Other things, I would like to cover in next edition are
1) How to choose between "speed up the slow things" or "do the slow things less often".
2) How to identify ACTUAL areas of improvement. i.e. Importance of automated run that reasonably simulates the program under its usual conditions. (Example, our test on performance gave excellent results. But European customers rejected the product because we had not simulated ocean hop of packets as 2 databases were in America. Or importance of using a multi-user simulation system to identify real problems i.e. transaction interactions etc).
3) Importance of cohesive, loosely coupled and well factored modules for behaviour-preserving transformations of performance.
4) Importance of measurement before starting optimization.
Anyway, great book.
First: if you are not a 'hardcore' Java programmer: do not bother with the rest of this review, and do not buy this book until you reach that point. It won't help enough to offset the damage it causes.
That said, a bit of context: the project I was working on that inspired me to buy a copy of this book involved a telecom system that had to handle hundreds of transactions a second, with sub-second response times (yes, in Java). Not the biggest system, or the fastest, but definitely not "fancy GUI code", by any stretch of the imagination.
Don't buy this book to learn how to use an optimizer; it isn't a beginner's guide. After buying it, I only ended up using perhaps two of the items covered in the book, while working on the project. But those two points were things that the several hundred collective years of development experience on the project had missed, and every other topic in the book warranted at least the question "did we check for this?"

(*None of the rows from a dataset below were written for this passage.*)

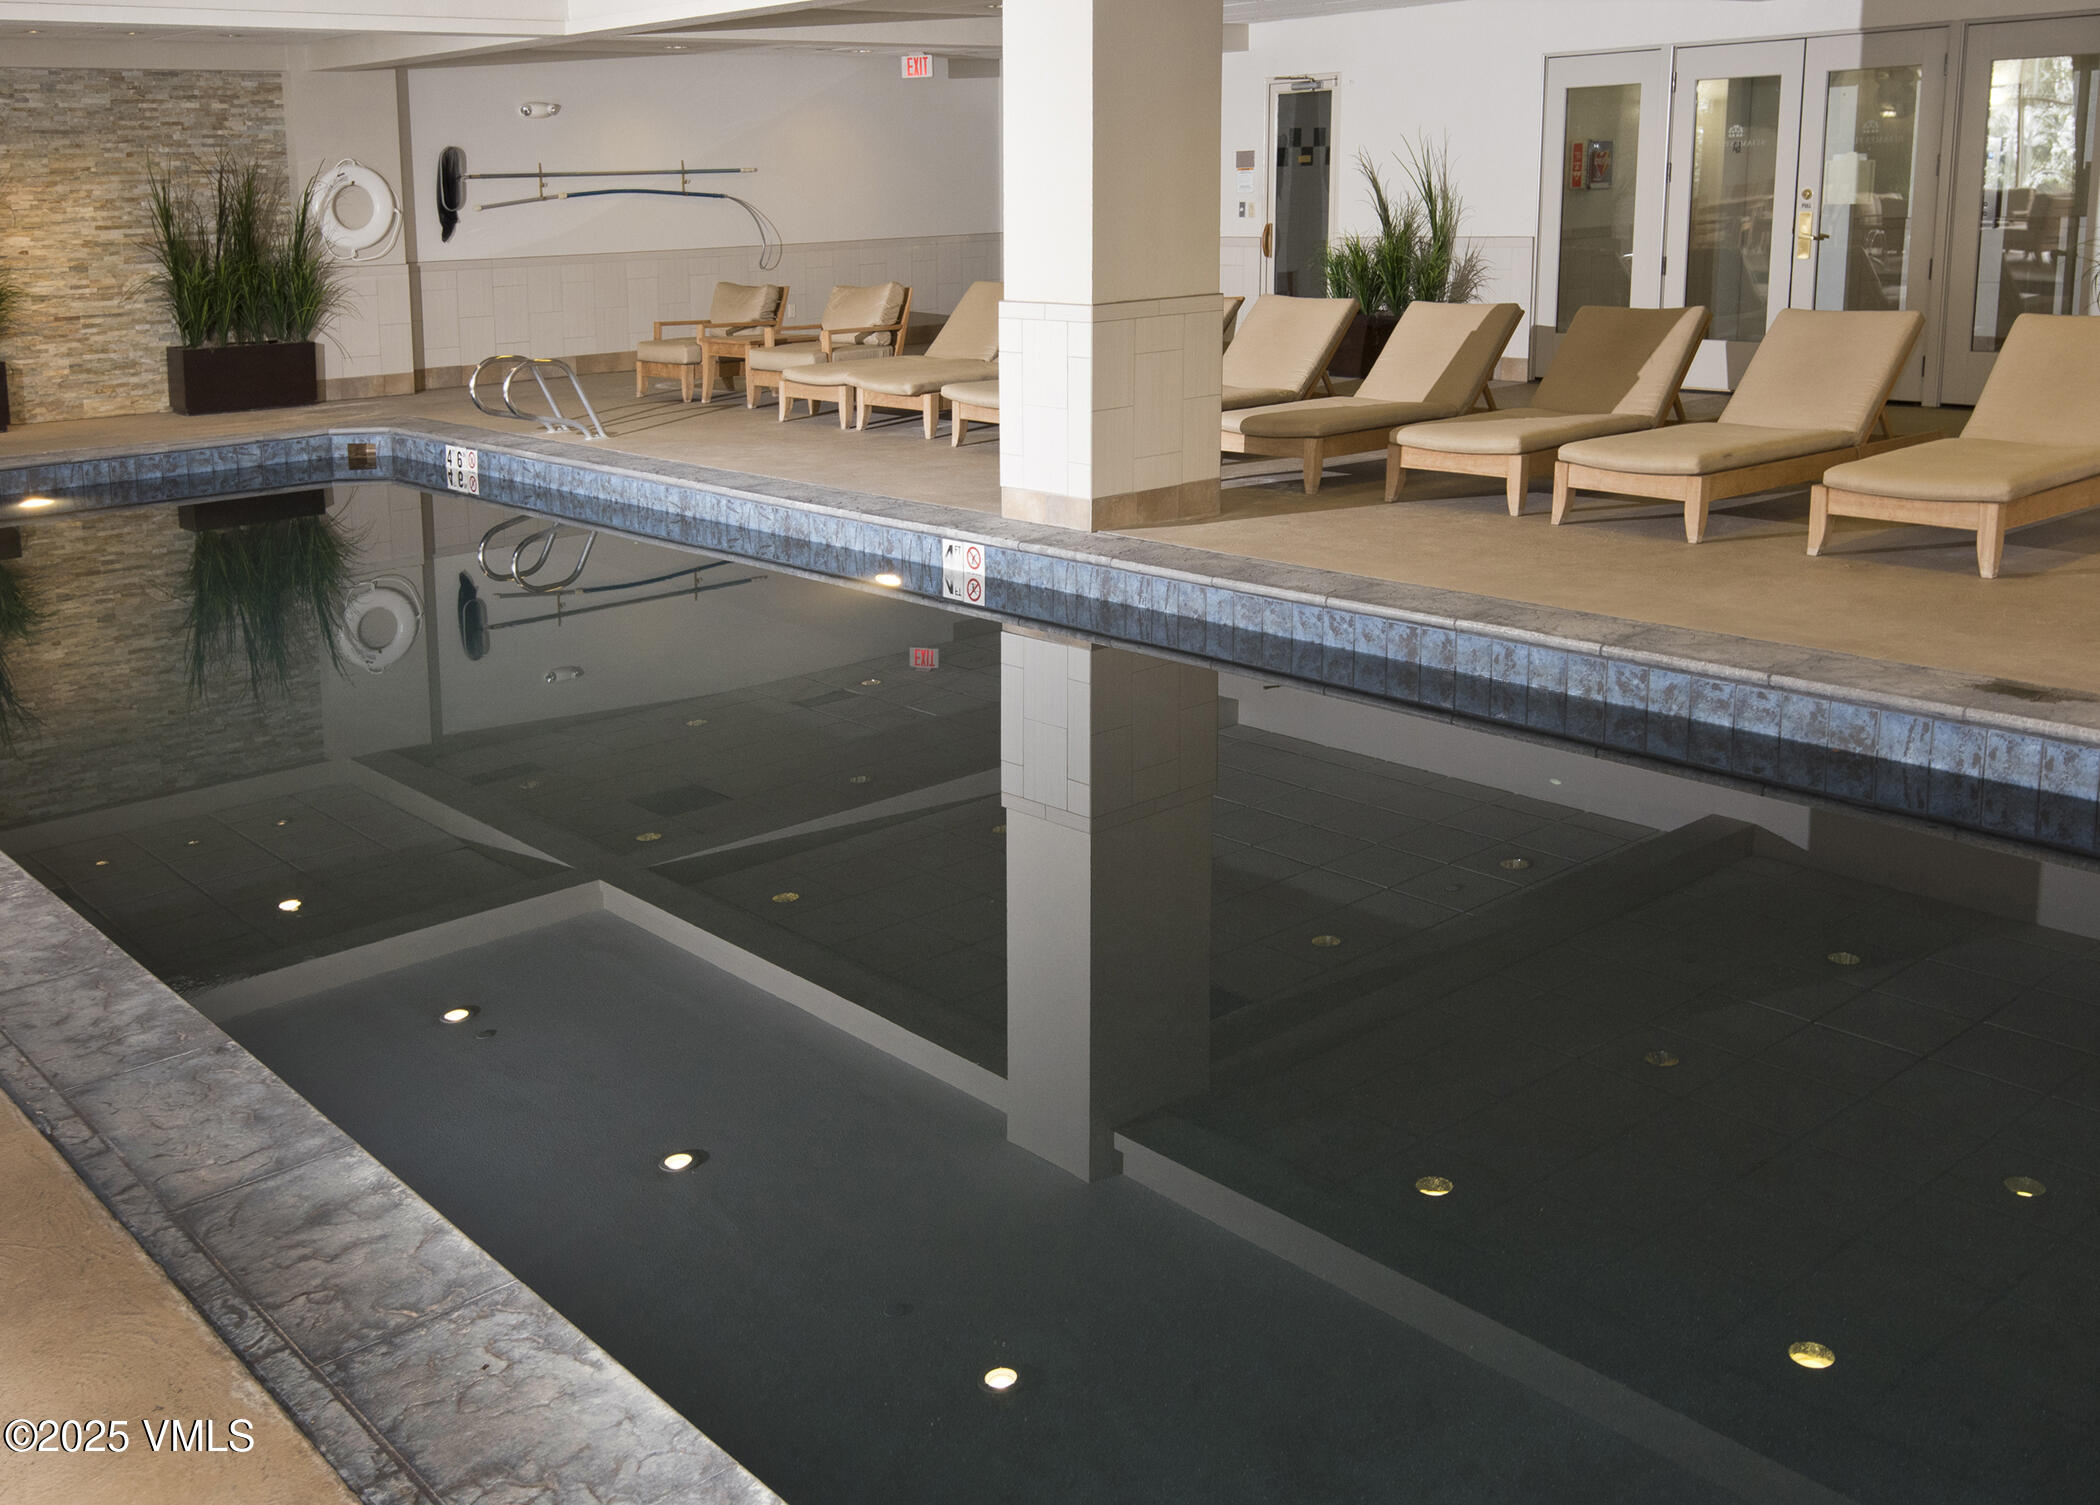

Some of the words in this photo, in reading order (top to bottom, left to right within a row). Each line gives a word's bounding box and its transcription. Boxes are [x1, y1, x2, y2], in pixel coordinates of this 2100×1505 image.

[906, 56, 928, 77] EXIT
[447, 449, 452, 466] 4
[457, 451, 463, 468] 6
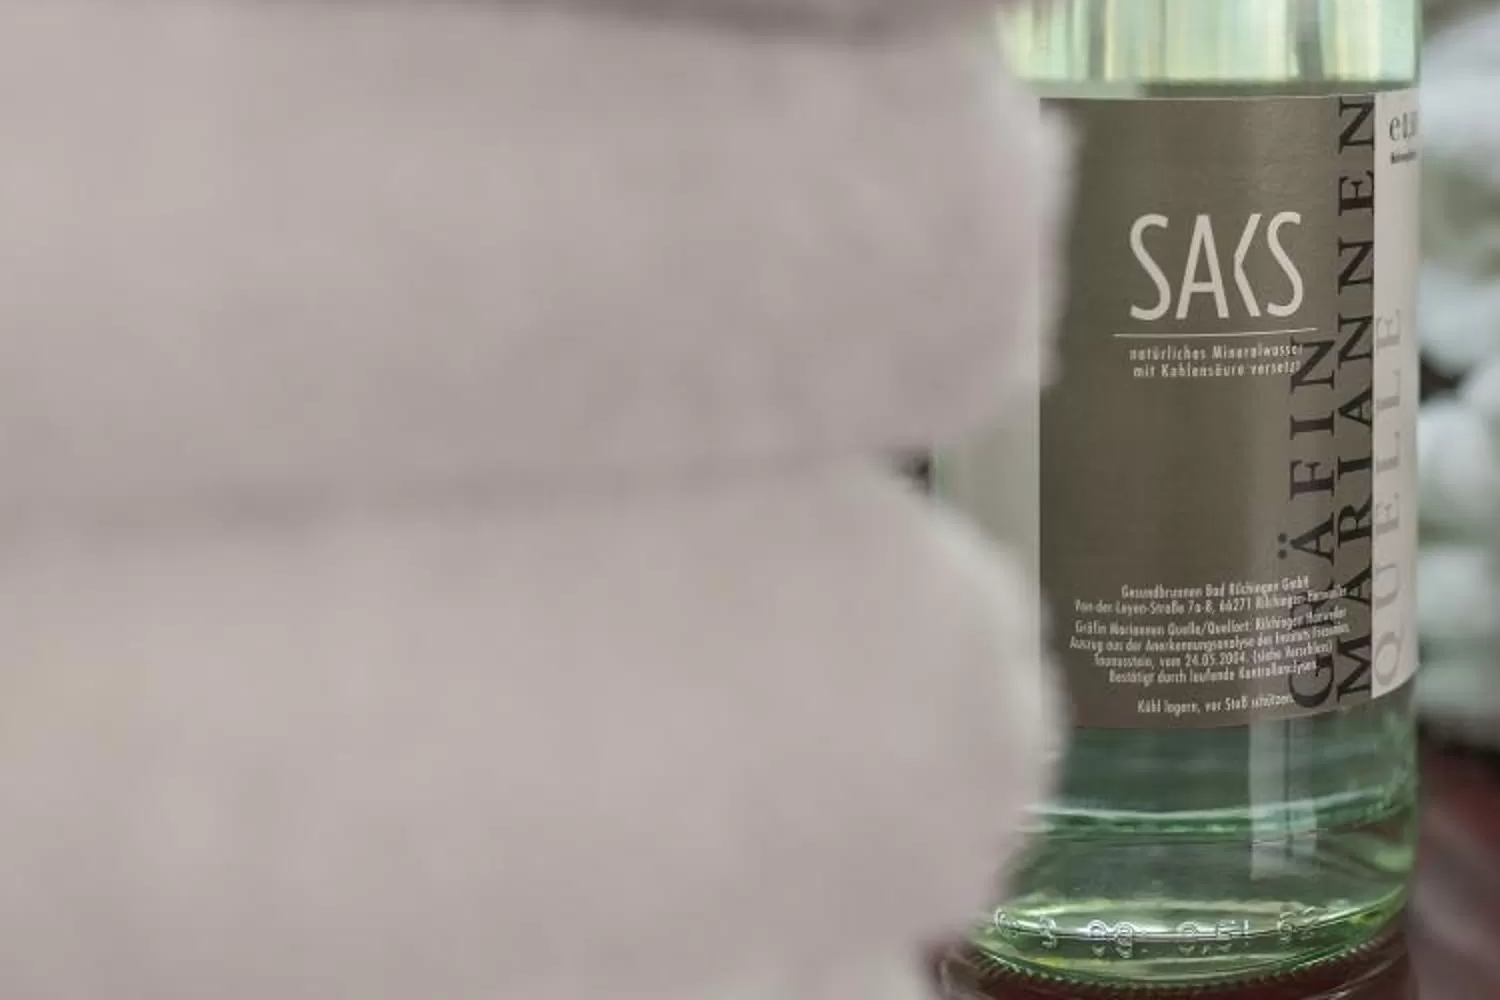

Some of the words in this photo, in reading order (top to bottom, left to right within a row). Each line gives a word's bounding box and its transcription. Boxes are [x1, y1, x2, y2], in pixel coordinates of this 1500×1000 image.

[1130, 211, 1303, 320] SAKS
[1133, 363, 1155, 377] mit
[1337, 94, 1375, 702] MARIANNEN
[1205, 583, 1225, 597] Bad
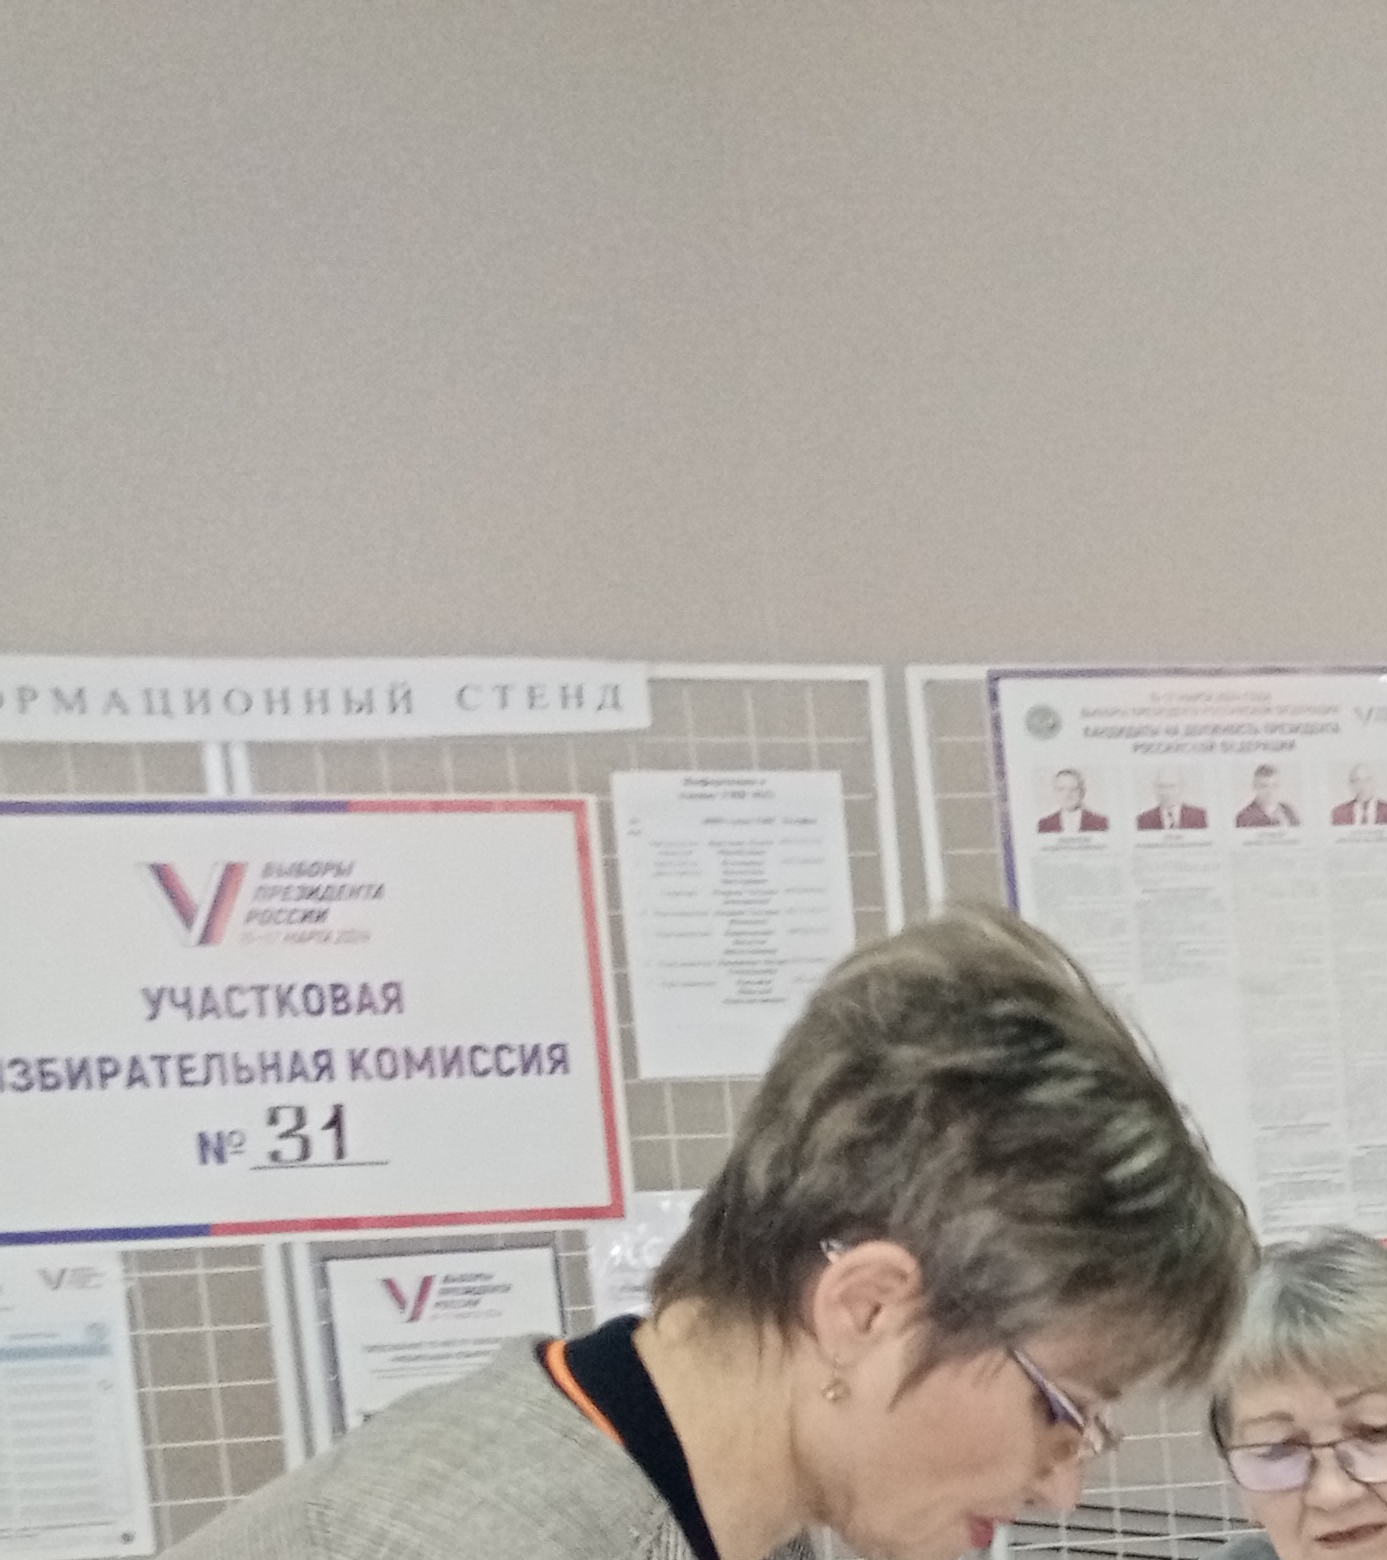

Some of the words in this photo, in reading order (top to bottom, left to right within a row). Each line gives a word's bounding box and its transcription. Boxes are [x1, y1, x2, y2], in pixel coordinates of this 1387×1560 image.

[0, 679, 413, 717] РМАЦИОННЫЙ
[455, 682, 623, 712] СТЕНД
[243, 907, 330, 925] РОССИИ
[141, 981, 405, 1021] УЧАСТКОВАЯ
[0, 1048, 335, 1092] ЗБИРАТЕЛЬНАЯ
[349, 1042, 571, 1082] КОМИССИЯ
[265, 1103, 347, 1164] 31
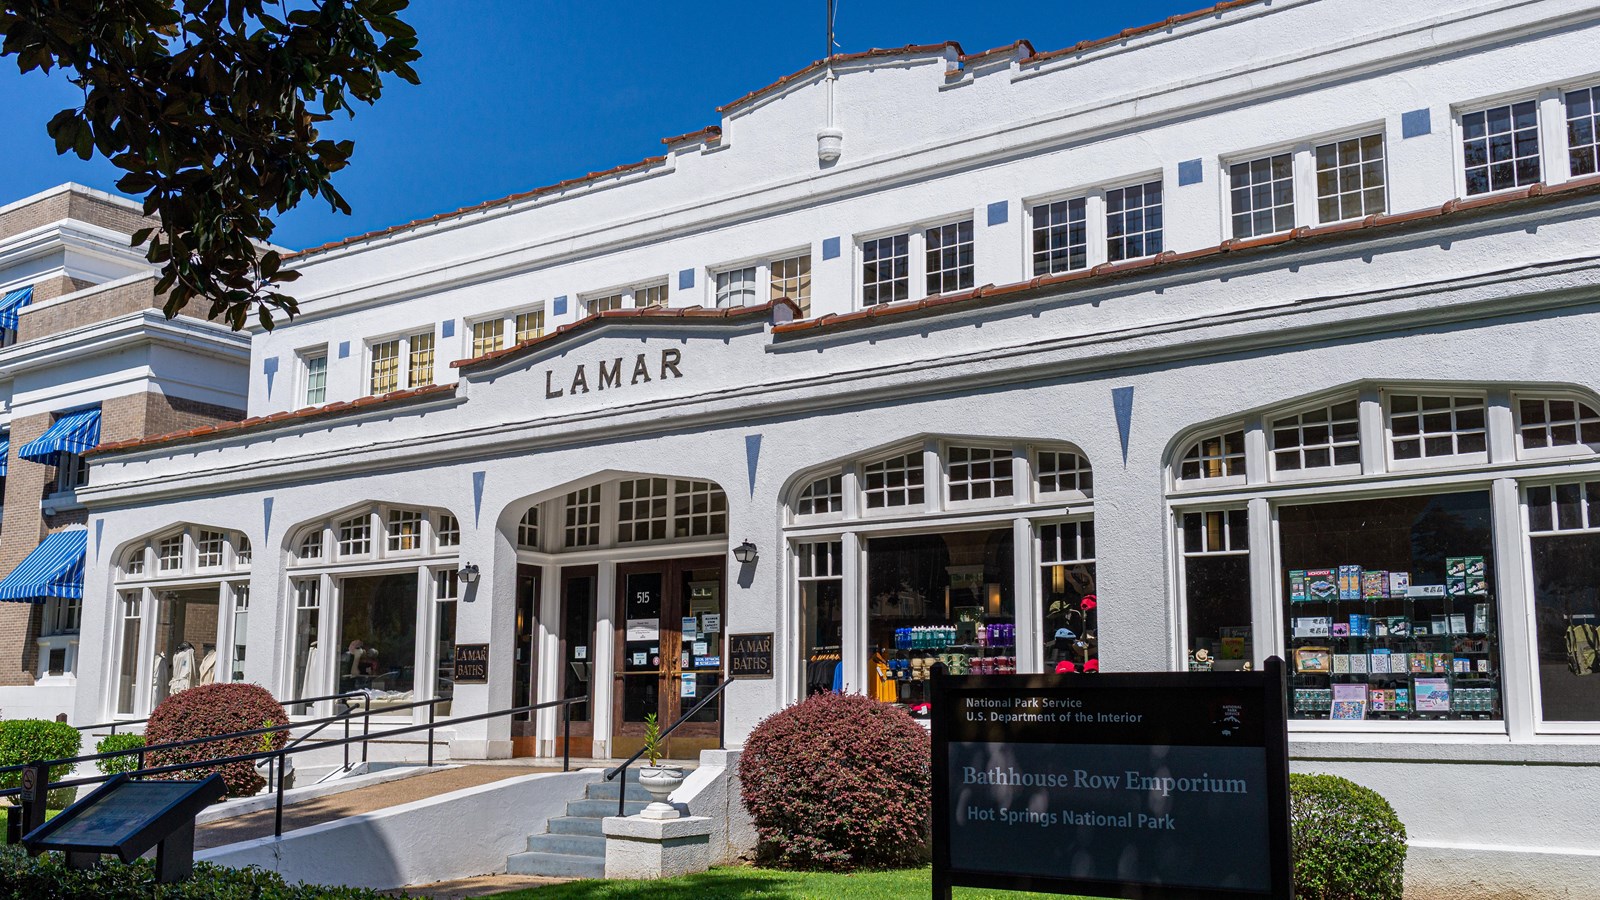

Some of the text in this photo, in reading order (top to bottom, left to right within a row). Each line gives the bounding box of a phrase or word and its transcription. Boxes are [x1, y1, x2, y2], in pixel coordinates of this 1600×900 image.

It is difficult to categorize the audience of this book; it is in the odd position of needing to be far too heavy on theory and detailed explanation to be a "cookbook", for it to be of any use, but it also has to cover topics so diverse that it is unlikely that more than a handful will ever apply to any single situation, so it isn't really a "how to" book, either.
So why did I give this book four stars? Because a different set of points in the book applied on the next project I had to work on. But those 4 stars with a warning: for the audience and topics that it covers, this book it is *very* good, and for anything or anyone else, it will be, at best, nonsense; at worst, using it can be actively counterproductive (as another reviewer noted, several of the things the author covers are not for the faint of heart, and for very good reasonss).
It failed to earn five stars for two reasons: first, while the author has a clear grasp of his material, his grasp of the audience seems to be hazy at times. Like the marketing of the book itself, he seems to have trouble deciding whether his audience is experts looking for that one golden tweak, or novices (who, in this case, should look for a more introductory book on profiling and optimization in general, or the tools they have available, in specific).
The second reason is not a problem with the material itself, just the passage of time - this edition predates the release of the Tiger version (of Java, not Mac OS X), and thus does not cover it. However, anyone attempting to use this book to work with Tiger should, in my opinion, strongly reconsider doing so; while the fundamentals of how to do the analysis remain the same, the details of several of the issues the author discusses are *completely* changed in Tiger.